A rare occurrence struck the agency space late last month: Three of the largest ad holding companies, Publicis Groupe, Interpublic Group (IPG) and Omnicom Group, all posted strong organic revenue gains for the second quarter. Two of the groups, IPG and Publicis, noted that the growth not only bested their results from Q2 2020 — the period when the pandemic's effect on the economy was most acute — but also Q2 2019, well prior to the health crisis.
After years of struggling with returning to growth and the encroachment of management consultancies on their business, agencies appear to have found new momentum as the world navigates a bumpy reopening that faces a critical test with the spread of the COVID-19 delta variant.
"The speed of recovery for holding companies has exceeded expectations," said Greg Paull, co-founder and principal at consultancy R3, over email.
The impressive performance might help justify hefty technology investments and acquisitions to which some analysts have been skeptical.
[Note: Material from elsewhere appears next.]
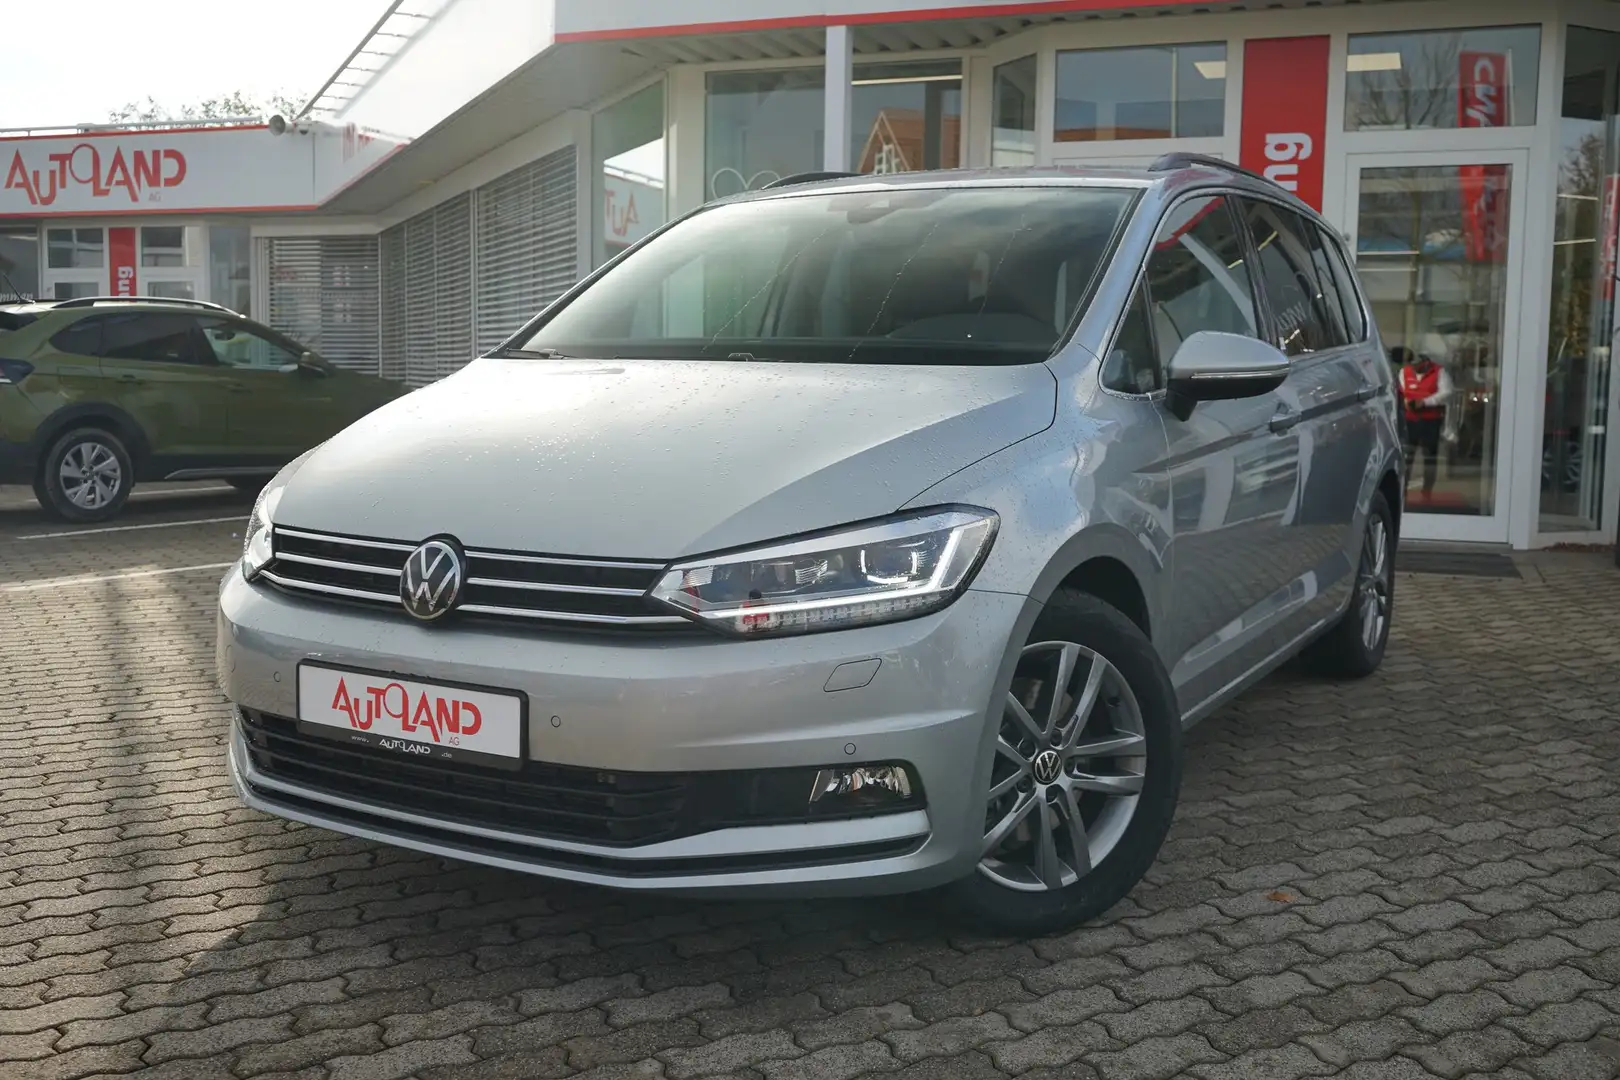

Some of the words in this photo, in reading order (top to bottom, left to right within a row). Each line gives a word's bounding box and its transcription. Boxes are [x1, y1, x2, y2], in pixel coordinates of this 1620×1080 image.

[5, 144, 187, 205] AUTOLAND
[117, 266, 133, 296] ng
[332, 677, 482, 743] AUTOLAND
Epsilon, the data-marketing unit that Publicis paid $4.4 billion for in 2019, reported 31.1% growth in Q2, playing a key role in the turnaround.
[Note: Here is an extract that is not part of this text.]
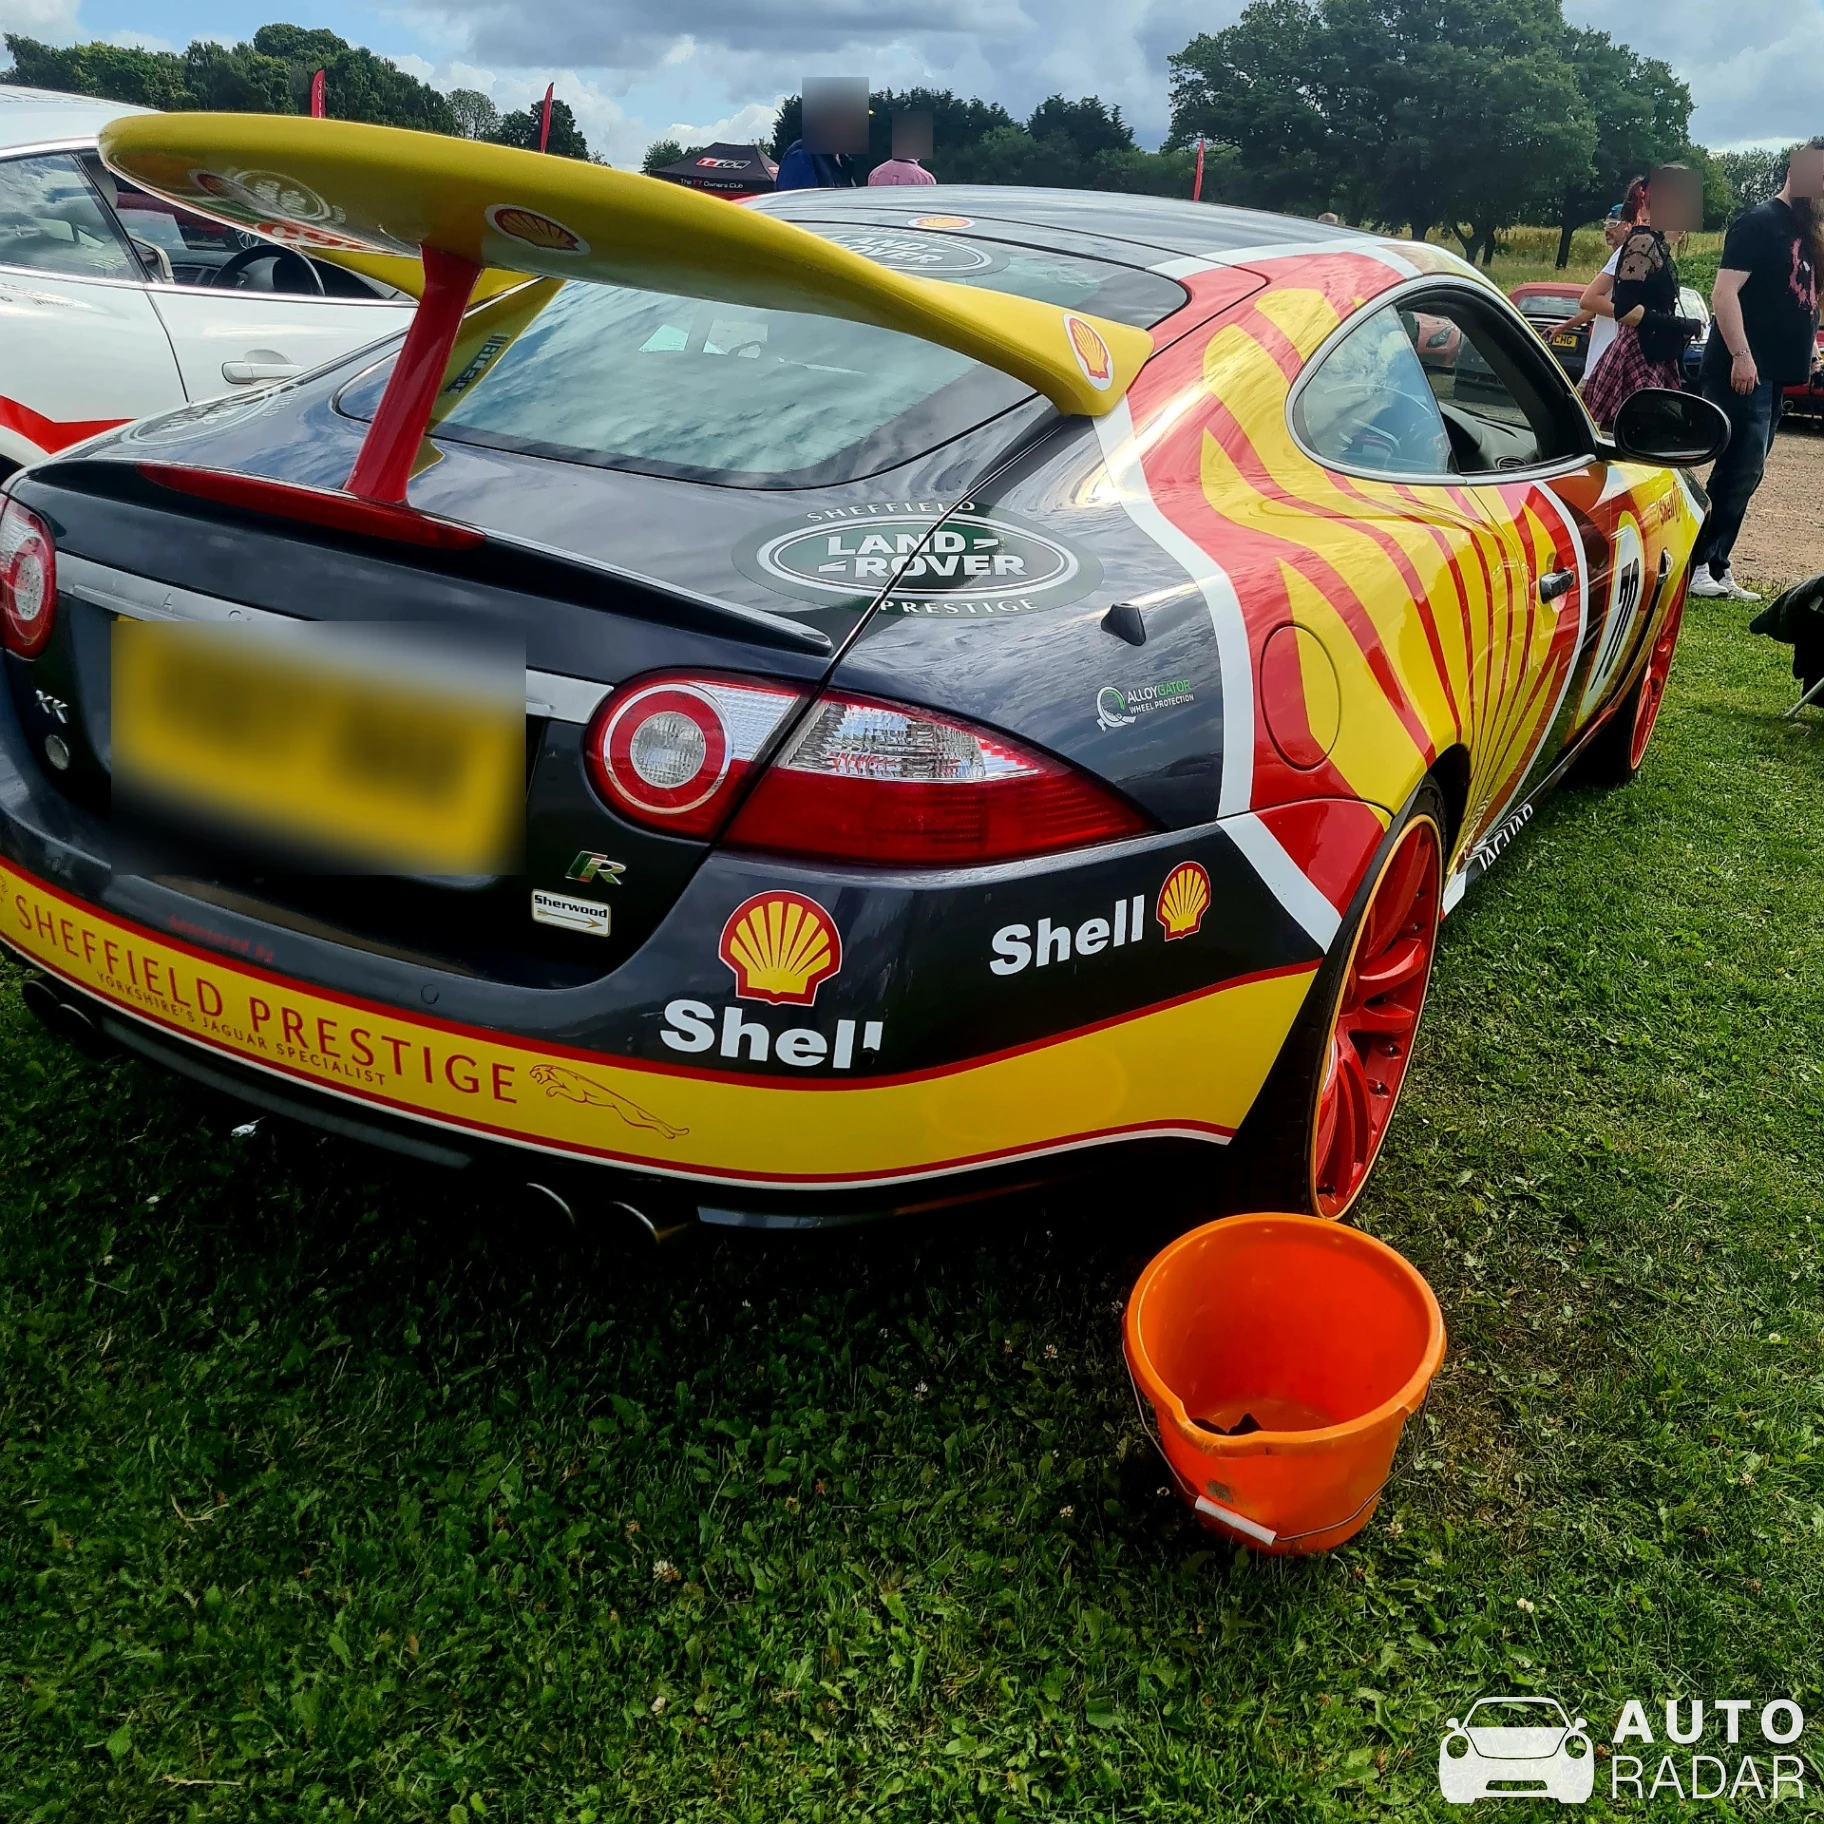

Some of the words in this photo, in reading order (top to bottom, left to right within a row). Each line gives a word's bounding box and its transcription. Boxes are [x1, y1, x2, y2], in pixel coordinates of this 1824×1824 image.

Marketing dealmaking, which already showed signs of recovery in the first half, is likely to continue to pick up traction as agencies tap into their replenished war chests. Discussing the Q2 results with investors, Omnicom CEO John Wren said the group would engage in more "accretive acquisitions" in areas like precision marketing, digital transformation, commerce and media. It's a tack analysts say that other major groups could follow as consumer trends driven by the pandemic prove sticky and marketers continue to require outside help to account for those shifts.
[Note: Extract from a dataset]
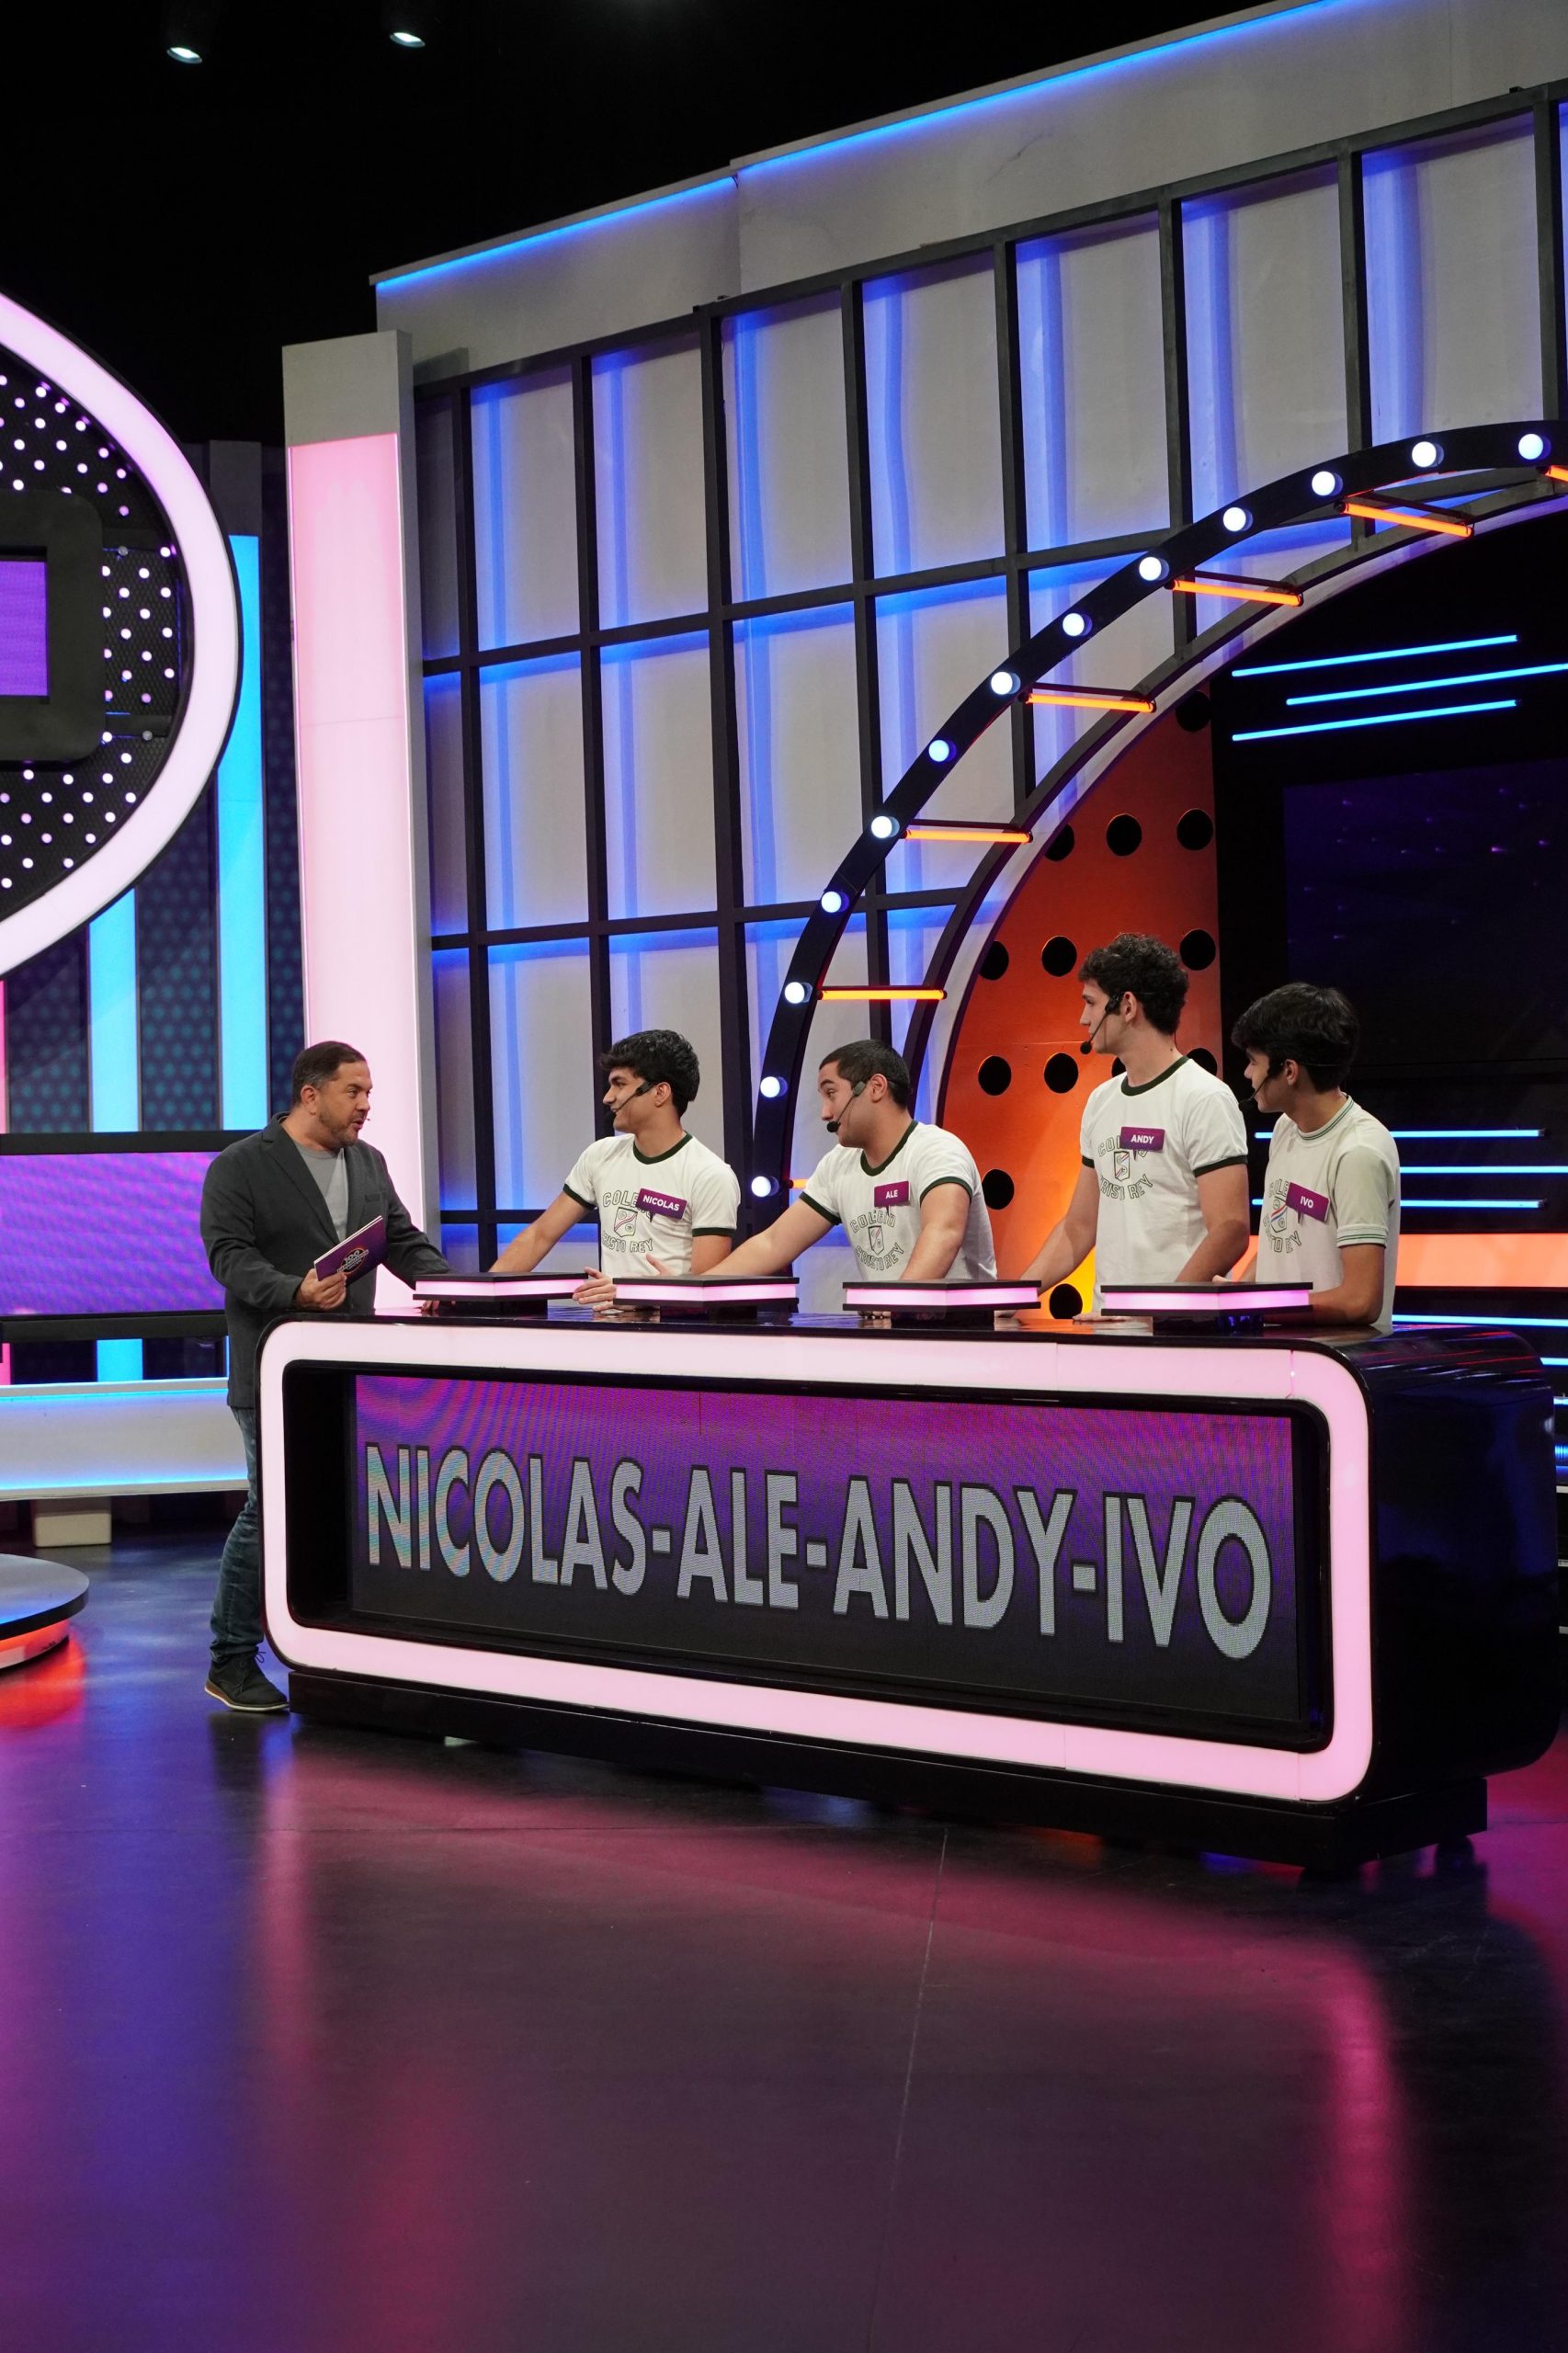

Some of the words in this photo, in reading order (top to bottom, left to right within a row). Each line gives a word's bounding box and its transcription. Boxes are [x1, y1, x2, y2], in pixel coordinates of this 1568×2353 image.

"In difficult times, agencies have faced their fears, shed their liabilities and witnessed the sustainability and growth of digital media," said Paull. "That awareness, plus available capital, low-interest rates and loose economic policies will drive acquisitions in that space."
Permanent changes
As indicated by Wren's comments, commerce-related services remain one of the biggest ticket items on the agenda as agencies chase new business. Publicis in July acquired CitrusAd, a platform that helps brands optimize their marketing performance on e-commerce sites, and will couple the company with Epsilon. Dentsu snapped up creative commerce experiences firm LiveArea from PFSweb for $250 million earlier last month.
"A lot of the agencies that had been, over the past few years, investing in commerce suddenly found, whether it was through the technology, the expertise or both, a lot of client demand," said Jay Wilson, vice president analyst at Gartner Marketing. "That's what's driving a lot of the charge."
But agencies have made other operational adjustments that might help them weather further disruptions in H2, including the reimposition of COVID-19 restrictions. The pandemic has created an endurance test for remote and hybrid working models, but one the sector is now better suited to navigate.
"In many cases, what we heard was global agency networks that perhaps were historically a bit fractured really came together because location didn't matter," Wilson said. "Those geographic barriers kind of fell away."
New partnership models could factor into this transformation. WPP in May tapped tech partner Microsoft to develop a cloud-based virtual production platform that allows its shops to remotely collaborate on campaigns for clients around the globe. The Cloud Studio, which is largely being tested by the Hogarth creative production unit, could eventually be available to up to 25,000 employees, or roughly one-quarter of WPP's current workforce.
Ongoing challenges stemming from the pandemic could ultimately create more of a winners and losers situation where laggards will fall farther behind, per analysts.
"For those clients and agencies that made the right fundamental shifts over the past year and a half now, they're going to continue down that path," Wilson said. "If they haven't made those shifts, regardless of another wave of the pandemic, they're probably in trouble anyway."
Of course, not everything is sunny in agency land. The past 16 months have been marked by severe cost-cutting measures, including some extensive layoffs and restructurings, as well as the prevalence of burnout. But big divestitures — like Omnicom spinning off its ICON International specialty media business earlier this year — may not be common as the category continues to fine-tune what's working.
"Agencies are ready to move on. They've done the hard work and removed and recalibrated anything that might mute future growth," said Paull. "The only changes we might see in H2 would be the creation of new entities or the reshuffling of teams as a response to client needs in the new environment."